RL vs SGD does not seem to be a correct framing.
Very roughly speaking, RL is about what you optimize for (a subclass of what you can optimize for) and SGD is one of the many optimization methods (in particular, SGD and its cousins are highly useful in RL tasks (consider policy gradients and such)).
Capabilities research seems bad since we don't know how to make safe AGI, but assuming we can't stop capabilities research entirely[1], I wonder if capabilities research on SGD is positive given that RL is so much worse.
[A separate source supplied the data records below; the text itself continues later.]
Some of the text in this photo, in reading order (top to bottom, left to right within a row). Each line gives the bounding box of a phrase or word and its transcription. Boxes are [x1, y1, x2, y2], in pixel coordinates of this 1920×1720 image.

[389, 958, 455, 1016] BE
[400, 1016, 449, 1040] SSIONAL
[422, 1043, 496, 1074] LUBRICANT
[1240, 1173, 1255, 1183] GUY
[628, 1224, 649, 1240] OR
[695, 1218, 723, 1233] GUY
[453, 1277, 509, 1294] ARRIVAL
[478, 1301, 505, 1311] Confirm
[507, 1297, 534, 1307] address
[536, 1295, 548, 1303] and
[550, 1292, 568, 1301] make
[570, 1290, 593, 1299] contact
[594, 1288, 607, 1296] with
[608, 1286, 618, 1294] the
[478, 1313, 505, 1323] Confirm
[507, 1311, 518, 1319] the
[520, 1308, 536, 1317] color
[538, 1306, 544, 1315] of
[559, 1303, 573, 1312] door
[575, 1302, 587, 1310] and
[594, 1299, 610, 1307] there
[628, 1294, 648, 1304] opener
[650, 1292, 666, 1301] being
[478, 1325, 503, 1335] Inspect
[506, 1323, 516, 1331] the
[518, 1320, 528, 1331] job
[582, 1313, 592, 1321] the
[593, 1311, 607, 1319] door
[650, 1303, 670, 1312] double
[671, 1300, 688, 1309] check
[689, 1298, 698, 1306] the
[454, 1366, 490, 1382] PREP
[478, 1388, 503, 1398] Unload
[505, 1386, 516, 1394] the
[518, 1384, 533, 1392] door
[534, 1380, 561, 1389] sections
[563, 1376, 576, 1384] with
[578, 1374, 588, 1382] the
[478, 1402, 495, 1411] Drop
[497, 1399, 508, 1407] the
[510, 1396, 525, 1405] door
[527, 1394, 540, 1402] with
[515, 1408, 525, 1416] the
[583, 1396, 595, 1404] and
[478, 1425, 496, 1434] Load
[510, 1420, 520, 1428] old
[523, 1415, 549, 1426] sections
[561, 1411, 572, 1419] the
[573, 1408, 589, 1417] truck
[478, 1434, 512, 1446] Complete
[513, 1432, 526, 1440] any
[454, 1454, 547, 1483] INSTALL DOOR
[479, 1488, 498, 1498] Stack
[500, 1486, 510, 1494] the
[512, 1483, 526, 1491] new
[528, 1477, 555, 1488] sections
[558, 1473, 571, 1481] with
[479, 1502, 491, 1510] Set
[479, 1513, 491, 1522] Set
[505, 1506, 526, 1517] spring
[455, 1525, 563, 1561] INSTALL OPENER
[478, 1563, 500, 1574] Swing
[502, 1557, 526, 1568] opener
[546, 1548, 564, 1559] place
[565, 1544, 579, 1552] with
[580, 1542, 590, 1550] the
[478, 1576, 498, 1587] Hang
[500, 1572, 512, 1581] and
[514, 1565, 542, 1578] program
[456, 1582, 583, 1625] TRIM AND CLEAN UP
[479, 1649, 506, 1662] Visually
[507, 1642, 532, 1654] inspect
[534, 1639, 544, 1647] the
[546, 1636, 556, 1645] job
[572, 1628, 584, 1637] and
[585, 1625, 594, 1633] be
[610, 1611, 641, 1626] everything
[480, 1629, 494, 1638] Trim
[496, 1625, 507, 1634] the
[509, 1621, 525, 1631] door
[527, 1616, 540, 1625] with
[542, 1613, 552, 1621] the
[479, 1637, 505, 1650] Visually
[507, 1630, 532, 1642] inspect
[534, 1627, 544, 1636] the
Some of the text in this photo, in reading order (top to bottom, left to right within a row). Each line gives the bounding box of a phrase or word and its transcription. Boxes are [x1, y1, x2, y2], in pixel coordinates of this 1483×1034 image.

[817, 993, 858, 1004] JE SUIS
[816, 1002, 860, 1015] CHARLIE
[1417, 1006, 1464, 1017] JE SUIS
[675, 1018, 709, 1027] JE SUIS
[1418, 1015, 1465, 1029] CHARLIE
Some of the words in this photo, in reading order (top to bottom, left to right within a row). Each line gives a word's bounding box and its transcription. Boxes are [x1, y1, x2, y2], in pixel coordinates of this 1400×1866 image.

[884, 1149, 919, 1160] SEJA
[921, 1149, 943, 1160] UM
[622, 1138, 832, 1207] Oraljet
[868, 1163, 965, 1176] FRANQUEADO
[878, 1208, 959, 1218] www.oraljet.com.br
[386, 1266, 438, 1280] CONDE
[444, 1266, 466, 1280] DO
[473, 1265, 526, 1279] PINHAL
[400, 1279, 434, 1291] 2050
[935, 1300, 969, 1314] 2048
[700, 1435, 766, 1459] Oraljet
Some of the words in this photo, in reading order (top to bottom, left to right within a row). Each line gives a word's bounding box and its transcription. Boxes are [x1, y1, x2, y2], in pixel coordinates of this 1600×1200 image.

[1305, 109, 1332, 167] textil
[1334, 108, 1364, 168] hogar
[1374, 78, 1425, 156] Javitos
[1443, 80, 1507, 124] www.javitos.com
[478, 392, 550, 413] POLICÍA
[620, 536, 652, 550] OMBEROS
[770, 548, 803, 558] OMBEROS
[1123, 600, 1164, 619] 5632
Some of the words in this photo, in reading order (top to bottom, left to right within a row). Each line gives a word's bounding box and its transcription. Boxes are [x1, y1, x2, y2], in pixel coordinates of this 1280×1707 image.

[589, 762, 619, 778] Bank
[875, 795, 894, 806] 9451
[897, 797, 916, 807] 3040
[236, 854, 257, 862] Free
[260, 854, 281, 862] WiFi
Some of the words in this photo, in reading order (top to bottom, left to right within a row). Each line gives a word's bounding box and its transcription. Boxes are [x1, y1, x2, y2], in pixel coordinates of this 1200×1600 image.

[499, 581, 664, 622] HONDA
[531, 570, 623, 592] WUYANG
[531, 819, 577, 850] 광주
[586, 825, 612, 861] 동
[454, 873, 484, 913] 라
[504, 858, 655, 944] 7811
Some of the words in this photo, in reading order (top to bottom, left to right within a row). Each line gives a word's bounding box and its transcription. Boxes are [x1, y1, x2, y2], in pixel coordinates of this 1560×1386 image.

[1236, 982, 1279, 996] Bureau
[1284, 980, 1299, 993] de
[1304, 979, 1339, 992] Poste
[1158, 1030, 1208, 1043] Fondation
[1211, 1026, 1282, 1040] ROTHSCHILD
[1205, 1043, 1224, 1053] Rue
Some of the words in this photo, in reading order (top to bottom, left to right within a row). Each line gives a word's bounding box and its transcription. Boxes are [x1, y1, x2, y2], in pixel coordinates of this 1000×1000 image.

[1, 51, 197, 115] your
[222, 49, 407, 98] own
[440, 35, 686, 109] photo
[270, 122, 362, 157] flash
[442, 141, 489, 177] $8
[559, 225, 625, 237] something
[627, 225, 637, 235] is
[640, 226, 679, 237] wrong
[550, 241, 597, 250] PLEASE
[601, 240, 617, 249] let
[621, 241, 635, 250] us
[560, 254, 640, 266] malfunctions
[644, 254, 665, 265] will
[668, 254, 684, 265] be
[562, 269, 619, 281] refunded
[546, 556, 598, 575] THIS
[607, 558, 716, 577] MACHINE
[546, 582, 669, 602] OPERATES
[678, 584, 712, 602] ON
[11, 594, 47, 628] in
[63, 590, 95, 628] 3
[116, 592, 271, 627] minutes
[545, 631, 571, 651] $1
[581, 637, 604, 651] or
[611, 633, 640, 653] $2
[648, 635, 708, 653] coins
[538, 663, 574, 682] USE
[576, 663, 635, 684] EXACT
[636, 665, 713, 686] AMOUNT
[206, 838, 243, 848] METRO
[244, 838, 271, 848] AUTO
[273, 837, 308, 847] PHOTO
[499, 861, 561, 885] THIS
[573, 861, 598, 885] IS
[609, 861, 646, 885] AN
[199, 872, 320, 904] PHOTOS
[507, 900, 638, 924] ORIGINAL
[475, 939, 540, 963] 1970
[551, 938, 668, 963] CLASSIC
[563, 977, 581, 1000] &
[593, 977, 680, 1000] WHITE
One of the risks with AGI is that an AI trained with reinforcement learning (RL) is very prone to reward hacking. Conveniently, Stochastic Gradient Descent (SGD) doesn't seem to reward hack in the same way and generalizes much better, and that seems to be why modern LLMs are weirdly sort-of aligned by default and have a general (if sometimes too-broad) concept of good and bad.
Unfortunately, some kinds of training are hard to do with SGD, so we train LLMs to be happy chatbots and to reason using RL.
What I'm wondering is, since SGD seems to be less dangerous than RL, is it actually good to do research on using SGD for chatbotification and reasoning, since that would would lead to safer models? The downside is that SGD is also much more efficient than RL so this would almost certainly make the models more capable too.
If we actually manage to ban all capabilities research I obviously don't think there should be an exception for SGD.